Heat is a multifaceted problem with complex exposure pathways, and our research implicates housing as a critical determinant of heat vulnerability and health. On the basis of our findings, and given that climate change is not a “future problem” anymore, we believe that short-term policies to mitigate citizens’ indoor exposure to heat are imperative and propose the following to policymakers and stakeholders.

  1. Heat vulnerability indices used by governments to identify the most vulnerable populations in a city must include housing characteristics in addition to well-known demographic indicators of vulnerability.

  2. There should be policies in place to improve the passive survivability of the housing stock. For new constructions, this can be achieved by including mandates in energy codes. For existing buildings, a short-term solution is to promote climate-specific interventions through incentives and public government programs (similar to many existing energy efficiency programs).
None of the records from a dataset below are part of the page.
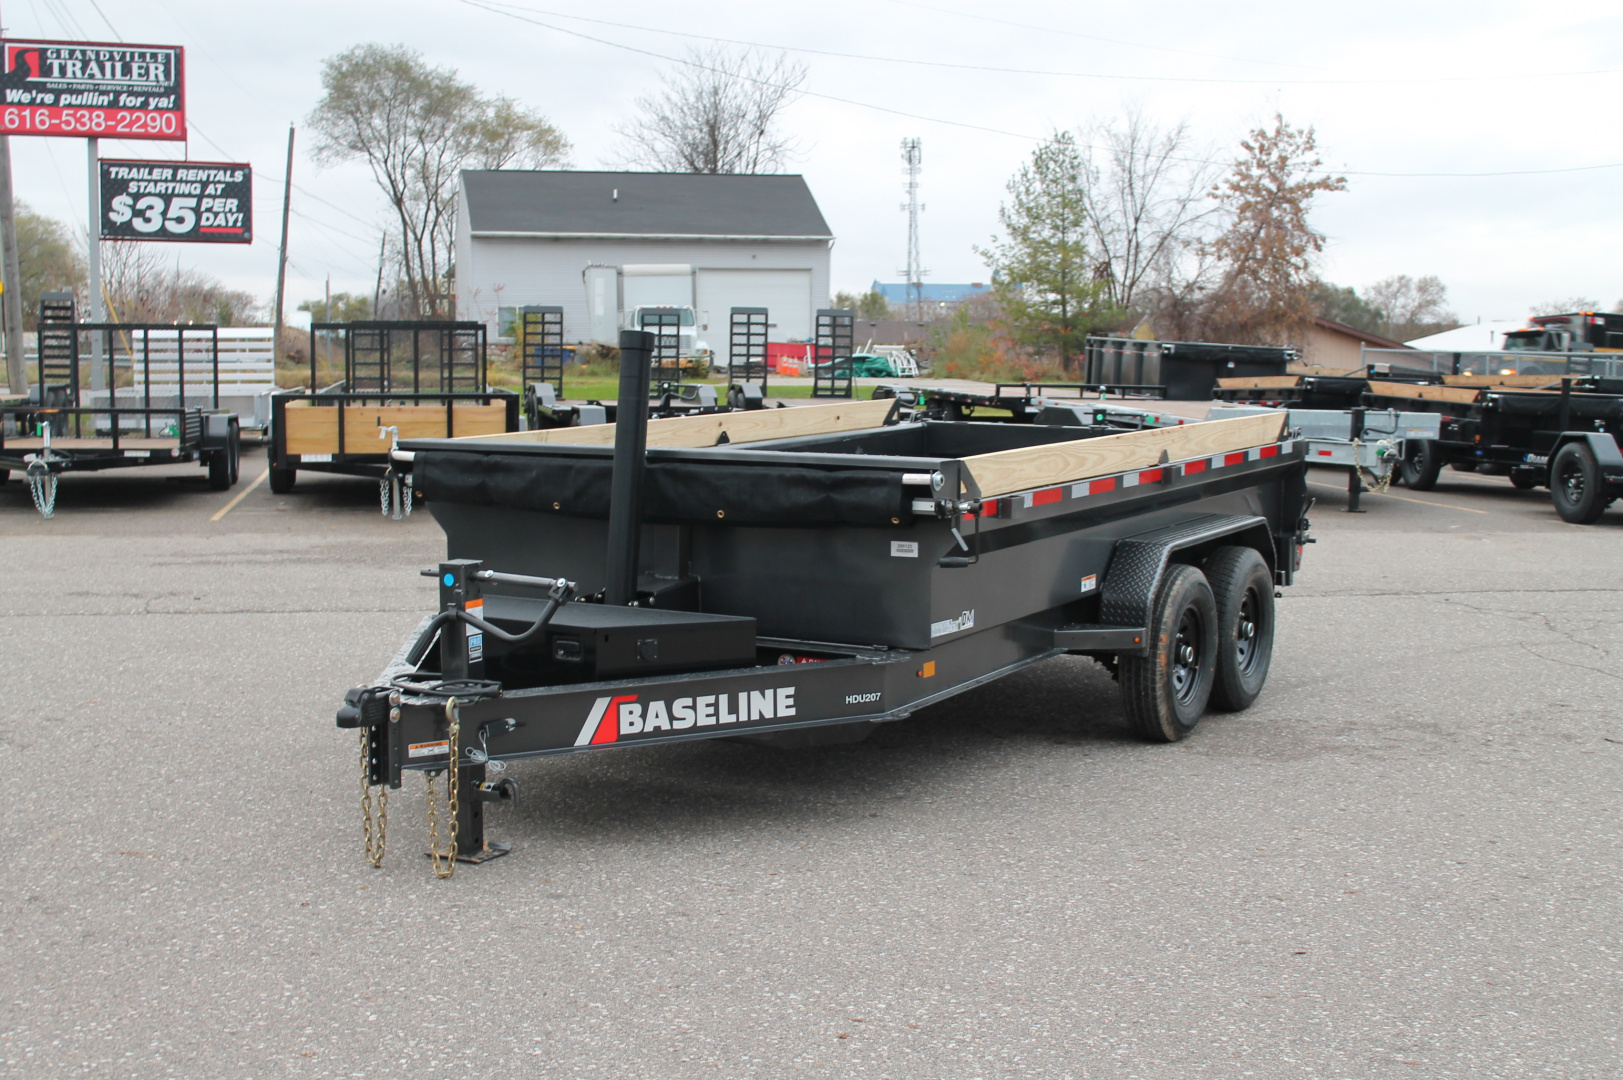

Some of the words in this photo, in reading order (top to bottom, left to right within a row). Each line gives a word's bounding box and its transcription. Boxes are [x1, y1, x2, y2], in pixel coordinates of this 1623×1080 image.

[47, 49, 166, 63] GRANDVILLE
[47, 59, 166, 82] TRAILER
[46, 82, 68, 90] SALES
[72, 83, 94, 91] PARTS
[99, 84, 128, 92] SERVICE
[133, 85, 165, 93] RENTALS
[5, 89, 55, 104] We're
[59, 90, 113, 107] pullin'
[119, 93, 146, 108] for
[148, 94, 175, 110] ya!
[4, 108, 176, 133] 616-538-2290
[109, 167, 173, 180] TRAILER
[176, 169, 244, 182] RENTALS
[128, 181, 201, 195] STARTING
[204, 183, 226, 196] AT
[201, 198, 239, 212] PER
[108, 192, 198, 234] $35
[200, 213, 244, 227] DAY!
[845, 692, 882, 705] HDU207
[619, 686, 797, 736] BASELINE
  3. There should be an emphasize on “passive” performance. Many cities expend considerable resources on utility assistant programs for low-income families. While we acknowledge the importance of such programs, we believe that they promote active cooling, which is vulnerable to infrastructure/technical failures. In contrast, helping citizens to improve passive performance of their homes (e.g., installing white reflective or shading the exterior of the building) results in a more resilient housing stock.
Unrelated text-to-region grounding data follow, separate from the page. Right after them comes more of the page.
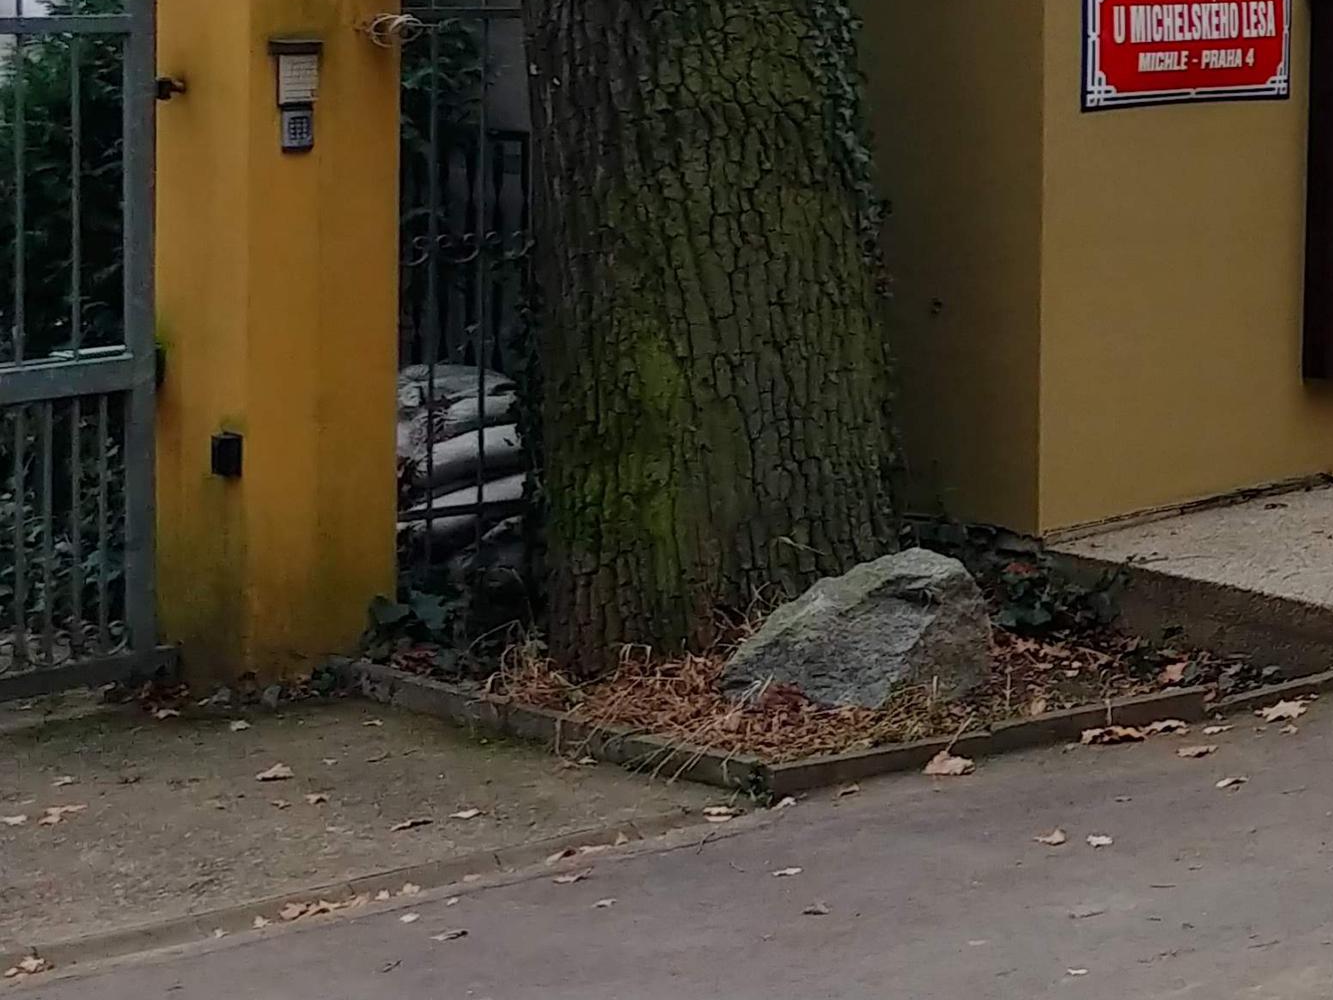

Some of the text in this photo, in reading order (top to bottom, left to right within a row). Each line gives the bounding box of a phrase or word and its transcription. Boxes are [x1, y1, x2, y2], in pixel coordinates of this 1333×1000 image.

[1112, 5, 1126, 44] U
[1242, 0, 1276, 38] LESA
[1138, 50, 1189, 72] MICHLE
[1201, 48, 1242, 69] PRAHA
[1245, 48, 1255, 67] 4
  4. Focusing on public housing is one of the most cost-effective strategies because they accommodate groups that are more vulnerable to heat. Moreover, compared with other types of construction projects, they are more feasible targets for top-down interventions.

  5. Cities need to develop response plans for large-scale power outages during heat waves. It is imperative that these plans include specific measures to address indoor exposure (e.g., providing care for people with mobility limitations).
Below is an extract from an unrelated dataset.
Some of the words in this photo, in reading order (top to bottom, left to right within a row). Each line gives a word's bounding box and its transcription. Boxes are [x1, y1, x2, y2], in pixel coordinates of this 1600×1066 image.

  6. Utility companies need to be involved in the process on two fronts. There should be a mechanism in place to make sure that failure to pay the electricity bill does not result in a loss of power for an individual during hot weather. Moreover, during unavoidable summertime brownouts, given the importance of indoor exposure, neighborhoods with vulnerable populations and substandard housing should be prioritized.

Footnotes

3

We compared the percentiles with those based on outdoor Heat Index (a metric that also includes relative humidity) and noted that the ranking of days around the median and 90th percentile is very similar across the two sets.

4

However, they have a significant impact on energy demand of the AC system, which should not be overlooked.

Acknowledgment

This research was supported in part by Assistance Agreement No. 83575402 awarded by the U.S. Environmental Protection Agency. It has not been formally reviewed by the EPA. The views expressed in this document are solely those of the authors and do not necessarily reflect those of the Agency. EPA does not endorse any products or commercial services mentioned in this publication. Parts of the data presented here resulted from the PhD thesis work of the first author [86].